■ Work task ■
Write out all of the records, keeping each one exactly as written.

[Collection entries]

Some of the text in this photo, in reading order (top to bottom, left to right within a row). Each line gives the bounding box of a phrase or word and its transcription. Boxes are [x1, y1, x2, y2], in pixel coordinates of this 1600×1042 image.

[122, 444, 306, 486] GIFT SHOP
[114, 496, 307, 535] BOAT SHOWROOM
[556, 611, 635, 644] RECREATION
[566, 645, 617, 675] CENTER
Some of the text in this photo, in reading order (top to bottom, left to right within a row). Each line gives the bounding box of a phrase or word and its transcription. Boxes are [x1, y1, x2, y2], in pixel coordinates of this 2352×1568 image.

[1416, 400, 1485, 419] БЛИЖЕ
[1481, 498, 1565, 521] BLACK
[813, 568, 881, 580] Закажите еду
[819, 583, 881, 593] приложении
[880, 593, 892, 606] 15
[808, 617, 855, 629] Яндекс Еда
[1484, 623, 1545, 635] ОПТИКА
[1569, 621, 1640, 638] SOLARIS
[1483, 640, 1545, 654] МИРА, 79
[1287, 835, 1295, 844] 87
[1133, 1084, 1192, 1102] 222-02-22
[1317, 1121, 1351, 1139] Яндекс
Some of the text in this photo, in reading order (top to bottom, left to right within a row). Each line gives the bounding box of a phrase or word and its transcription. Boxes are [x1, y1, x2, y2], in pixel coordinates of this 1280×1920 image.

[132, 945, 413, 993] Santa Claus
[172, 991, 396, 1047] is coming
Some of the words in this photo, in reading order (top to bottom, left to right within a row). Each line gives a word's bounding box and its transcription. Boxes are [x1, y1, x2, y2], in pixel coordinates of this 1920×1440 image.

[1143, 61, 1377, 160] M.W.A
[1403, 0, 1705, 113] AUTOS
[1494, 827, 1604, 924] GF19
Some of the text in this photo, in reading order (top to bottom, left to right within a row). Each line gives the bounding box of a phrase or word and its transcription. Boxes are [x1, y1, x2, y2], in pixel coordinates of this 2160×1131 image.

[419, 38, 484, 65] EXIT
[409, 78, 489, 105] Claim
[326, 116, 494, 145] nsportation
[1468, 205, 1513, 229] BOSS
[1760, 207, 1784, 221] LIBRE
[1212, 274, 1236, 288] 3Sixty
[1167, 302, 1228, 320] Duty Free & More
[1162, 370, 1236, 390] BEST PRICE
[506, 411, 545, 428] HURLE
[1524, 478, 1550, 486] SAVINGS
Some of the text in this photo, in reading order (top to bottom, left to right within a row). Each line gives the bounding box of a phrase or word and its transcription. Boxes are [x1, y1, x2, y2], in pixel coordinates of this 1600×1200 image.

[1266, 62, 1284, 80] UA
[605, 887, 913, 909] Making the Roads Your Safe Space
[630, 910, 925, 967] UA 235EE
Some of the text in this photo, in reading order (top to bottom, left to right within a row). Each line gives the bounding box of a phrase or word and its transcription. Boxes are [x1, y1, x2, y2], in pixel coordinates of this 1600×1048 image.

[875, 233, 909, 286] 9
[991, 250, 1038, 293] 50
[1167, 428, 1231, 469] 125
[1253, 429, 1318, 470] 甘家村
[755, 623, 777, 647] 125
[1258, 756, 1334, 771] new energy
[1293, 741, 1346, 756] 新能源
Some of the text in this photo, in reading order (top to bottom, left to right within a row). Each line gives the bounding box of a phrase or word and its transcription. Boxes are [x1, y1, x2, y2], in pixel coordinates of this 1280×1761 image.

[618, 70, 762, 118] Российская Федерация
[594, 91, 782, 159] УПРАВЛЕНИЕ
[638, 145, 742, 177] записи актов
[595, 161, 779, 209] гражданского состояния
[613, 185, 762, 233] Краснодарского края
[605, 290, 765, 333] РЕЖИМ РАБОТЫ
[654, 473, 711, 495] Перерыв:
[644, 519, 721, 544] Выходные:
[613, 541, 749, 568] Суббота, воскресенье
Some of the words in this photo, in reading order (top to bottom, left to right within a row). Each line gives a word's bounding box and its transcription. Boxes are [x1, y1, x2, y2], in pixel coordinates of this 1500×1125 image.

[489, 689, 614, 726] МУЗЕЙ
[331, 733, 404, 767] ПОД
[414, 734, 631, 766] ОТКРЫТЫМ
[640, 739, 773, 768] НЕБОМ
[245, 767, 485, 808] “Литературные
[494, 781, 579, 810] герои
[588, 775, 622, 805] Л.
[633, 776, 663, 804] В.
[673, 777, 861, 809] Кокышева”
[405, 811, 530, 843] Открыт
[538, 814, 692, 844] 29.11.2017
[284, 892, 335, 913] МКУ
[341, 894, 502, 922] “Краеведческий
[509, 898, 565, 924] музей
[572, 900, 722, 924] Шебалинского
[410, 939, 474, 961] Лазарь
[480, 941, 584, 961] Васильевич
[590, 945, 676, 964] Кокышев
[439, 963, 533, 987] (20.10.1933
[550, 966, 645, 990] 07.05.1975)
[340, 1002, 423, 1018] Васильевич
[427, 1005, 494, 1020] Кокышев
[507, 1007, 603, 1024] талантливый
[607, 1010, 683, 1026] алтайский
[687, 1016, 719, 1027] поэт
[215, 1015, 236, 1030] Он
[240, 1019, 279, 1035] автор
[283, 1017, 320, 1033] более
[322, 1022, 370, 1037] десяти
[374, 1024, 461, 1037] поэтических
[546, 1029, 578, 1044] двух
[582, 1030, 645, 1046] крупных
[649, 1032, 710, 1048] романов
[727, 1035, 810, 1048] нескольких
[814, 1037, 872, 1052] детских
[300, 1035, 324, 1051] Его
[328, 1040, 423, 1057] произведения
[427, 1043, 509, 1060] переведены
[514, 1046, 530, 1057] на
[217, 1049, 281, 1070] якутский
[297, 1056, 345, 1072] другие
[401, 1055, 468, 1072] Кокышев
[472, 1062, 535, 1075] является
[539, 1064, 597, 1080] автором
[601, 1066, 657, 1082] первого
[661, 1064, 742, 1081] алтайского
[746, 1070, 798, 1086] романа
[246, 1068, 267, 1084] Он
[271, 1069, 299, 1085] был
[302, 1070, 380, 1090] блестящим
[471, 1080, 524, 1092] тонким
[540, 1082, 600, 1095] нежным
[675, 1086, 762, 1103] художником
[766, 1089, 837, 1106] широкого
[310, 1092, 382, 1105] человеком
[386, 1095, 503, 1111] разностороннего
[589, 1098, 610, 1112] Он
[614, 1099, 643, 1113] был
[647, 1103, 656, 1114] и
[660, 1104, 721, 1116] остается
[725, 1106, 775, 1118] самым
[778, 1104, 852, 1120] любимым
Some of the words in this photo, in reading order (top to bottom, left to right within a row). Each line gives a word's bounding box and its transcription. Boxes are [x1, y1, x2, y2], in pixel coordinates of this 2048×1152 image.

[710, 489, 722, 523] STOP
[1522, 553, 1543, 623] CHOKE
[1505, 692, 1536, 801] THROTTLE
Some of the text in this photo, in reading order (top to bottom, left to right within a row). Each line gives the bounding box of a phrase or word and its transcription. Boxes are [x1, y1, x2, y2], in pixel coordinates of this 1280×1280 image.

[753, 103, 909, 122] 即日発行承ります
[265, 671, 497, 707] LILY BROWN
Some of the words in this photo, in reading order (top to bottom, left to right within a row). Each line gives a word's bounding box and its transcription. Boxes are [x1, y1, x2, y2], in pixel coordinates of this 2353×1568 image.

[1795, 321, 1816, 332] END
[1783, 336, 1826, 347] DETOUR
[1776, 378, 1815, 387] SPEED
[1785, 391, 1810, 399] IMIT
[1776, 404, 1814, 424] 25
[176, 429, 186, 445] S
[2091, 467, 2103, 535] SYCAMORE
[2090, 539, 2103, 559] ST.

■ Written response ■
Some of the text in this photo, in reading order (top to bottom, left to right within a row). Each line gives the bounding box of a phrase or word and its transcription. Boxes are [x1, y1, x2, y2], in pixel coordinates of this 1600×1042 image.

[122, 444, 306, 486] GIFT SHOP
[114, 496, 307, 535] BOAT SHOWROOM
[556, 611, 635, 644] RECREATION
[566, 645, 617, 675] CENTER
Some of the text in this photo, in reading order (top to bottom, left to right within a row). Each line gives the bounding box of a phrase or word and its transcription. Boxes are [x1, y1, x2, y2], in pixel coordinates of this 2352×1568 image.

[1416, 400, 1485, 419] БЛИЖЕ
[1481, 498, 1565, 521] BLACK
[813, 568, 881, 580] Закажите еду
[819, 583, 881, 593] приложении
[880, 593, 892, 606] 15
[808, 617, 855, 629] Яндекс Еда
[1484, 623, 1545, 635] ОПТИКА
[1569, 621, 1640, 638] SOLARIS
[1483, 640, 1545, 654] МИРА, 79
[1287, 835, 1295, 844] 87
[1133, 1084, 1192, 1102] 222-02-22
[1317, 1121, 1351, 1139] Яндекс
Some of the text in this photo, in reading order (top to bottom, left to right within a row). Each line gives the bounding box of a phrase or word and its transcription. Boxes are [x1, y1, x2, y2], in pixel coordinates of this 1280×1920 image.

[132, 945, 413, 993] Santa Claus
[172, 991, 396, 1047] is coming
Some of the words in this photo, in reading order (top to bottom, left to right within a row). Each line gives a word's bounding box and its transcription. Boxes are [x1, y1, x2, y2], in pixel coordinates of this 1920×1440 image.

[1143, 61, 1377, 160] M.W.A
[1403, 0, 1705, 113] AUTOS
[1494, 827, 1604, 924] GF19
Some of the text in this photo, in reading order (top to bottom, left to right within a row). Each line gives the bounding box of a phrase or word and its transcription. Boxes are [x1, y1, x2, y2], in pixel coordinates of this 2160×1131 image.

[419, 38, 484, 65] EXIT
[409, 78, 489, 105] Claim
[326, 116, 494, 145] nsportation
[1468, 205, 1513, 229] BOSS
[1760, 207, 1784, 221] LIBRE
[1212, 274, 1236, 288] 3Sixty
[1167, 302, 1228, 320] Duty Free & More
[1162, 370, 1236, 390] BEST PRICE
[506, 411, 545, 428] HURLE
[1524, 478, 1550, 486] SAVINGS
Some of the text in this photo, in reading order (top to bottom, left to right within a row). Each line gives the bounding box of a phrase or word and its transcription. Boxes are [x1, y1, x2, y2], in pixel coordinates of this 1600×1200 image.

[1266, 62, 1284, 80] UA
[605, 887, 913, 909] Making the Roads Your Safe Space
[630, 910, 925, 967] UA 235EE
Some of the text in this photo, in reading order (top to bottom, left to right within a row). Each line gives the bounding box of a phrase or word and its transcription. Boxes are [x1, y1, x2, y2], in pixel coordinates of this 1600×1048 image.

[875, 233, 909, 286] 9
[991, 250, 1038, 293] 50
[1167, 428, 1231, 469] 125
[1253, 429, 1318, 470] 甘家村
[755, 623, 777, 647] 125
[1258, 756, 1334, 771] new energy
[1293, 741, 1346, 756] 新能源
Some of the text in this photo, in reading order (top to bottom, left to right within a row). Each line gives the bounding box of a phrase or word and its transcription. Boxes are [x1, y1, x2, y2], in pixel coordinates of this 1280×1761 image.

[618, 70, 762, 118] Российская Федерация
[594, 91, 782, 159] УПРАВЛЕНИЕ
[638, 145, 742, 177] записи актов
[595, 161, 779, 209] гражданского состояния
[613, 185, 762, 233] Краснодарского края
[605, 290, 765, 333] РЕЖИМ РАБОТЫ
[654, 473, 711, 495] Перерыв:
[644, 519, 721, 544] Выходные:
[613, 541, 749, 568] Суббота, воскресенье
Some of the words in this photo, in reading order (top to bottom, left to right within a row). Each line gives a word's bounding box and its transcription. Boxes are [x1, y1, x2, y2], in pixel coordinates of this 1500×1125 image.

[489, 689, 614, 726] МУЗЕЙ
[331, 733, 404, 767] ПОД
[414, 734, 631, 766] ОТКРЫТЫМ
[640, 739, 773, 768] НЕБОМ
[245, 767, 485, 808] “Литературные
[494, 781, 579, 810] герои
[588, 775, 622, 805] Л.
[633, 776, 663, 804] В.
[673, 777, 861, 809] Кокышева”
[405, 811, 530, 843] Открыт
[538, 814, 692, 844] 29.11.2017
[284, 892, 335, 913] МКУ
[341, 894, 502, 922] “Краеведческий
[509, 898, 565, 924] музей
[572, 900, 722, 924] Шебалинского
[410, 939, 474, 961] Лазарь
[480, 941, 584, 961] Васильевич
[590, 945, 676, 964] Кокышев
[439, 963, 533, 987] (20.10.1933
[550, 966, 645, 990] 07.05.1975)
[340, 1002, 423, 1018] Васильевич
[427, 1005, 494, 1020] Кокышев
[507, 1007, 603, 1024] талантливый
[607, 1010, 683, 1026] алтайский
[687, 1016, 719, 1027] поэт
[215, 1015, 236, 1030] Он
[240, 1019, 279, 1035] автор
[283, 1017, 320, 1033] более
[322, 1022, 370, 1037] десяти
[374, 1024, 461, 1037] поэтических
[546, 1029, 578, 1044] двух
[582, 1030, 645, 1046] крупных
[649, 1032, 710, 1048] романов
[727, 1035, 810, 1048] нескольких
[814, 1037, 872, 1052] детских
[300, 1035, 324, 1051] Его
[328, 1040, 423, 1057] произведения
[427, 1043, 509, 1060] переведены
[514, 1046, 530, 1057] на
[217, 1049, 281, 1070] якутский
[297, 1056, 345, 1072] другие
[401, 1055, 468, 1072] Кокышев
[472, 1062, 535, 1075] является
[539, 1064, 597, 1080] автором
[601, 1066, 657, 1082] первого
[661, 1064, 742, 1081] алтайского
[746, 1070, 798, 1086] романа
[246, 1068, 267, 1084] Он
[271, 1069, 299, 1085] был
[302, 1070, 380, 1090] блестящим
[471, 1080, 524, 1092] тонким
[540, 1082, 600, 1095] нежным
[675, 1086, 762, 1103] художником
[766, 1089, 837, 1106] широкого
[310, 1092, 382, 1105] человеком
[386, 1095, 503, 1111] разностороннего
[589, 1098, 610, 1112] Он
[614, 1099, 643, 1113] был
[647, 1103, 656, 1114] и
[660, 1104, 721, 1116] остается
[725, 1106, 775, 1118] самым
[778, 1104, 852, 1120] любимым
Some of the words in this photo, in reading order (top to bottom, left to right within a row). Each line gives a word's bounding box and its transcription. Boxes are [x1, y1, x2, y2], in pixel coordinates of this 2048×1152 image.

[710, 489, 722, 523] STOP
[1522, 553, 1543, 623] CHOKE
[1505, 692, 1536, 801] THROTTLE
Some of the text in this photo, in reading order (top to bottom, left to right within a row). Each line gives the bounding box of a phrase or word and its transcription. Boxes are [x1, y1, x2, y2], in pixel coordinates of this 1280×1280 image.

[753, 103, 909, 122] 即日発行承ります
[265, 671, 497, 707] LILY BROWN
Some of the words in this photo, in reading order (top to bottom, left to right within a row). Each line gives a word's bounding box and its transcription. Boxes are [x1, y1, x2, y2], in pixel coordinates of this 2353×1568 image.

[1795, 321, 1816, 332] END
[1783, 336, 1826, 347] DETOUR
[1776, 378, 1815, 387] SPEED
[1785, 391, 1810, 399] IMIT
[1776, 404, 1814, 424] 25
[176, 429, 186, 445] S
[2091, 467, 2103, 535] SYCAMORE
[2090, 539, 2103, 559] ST.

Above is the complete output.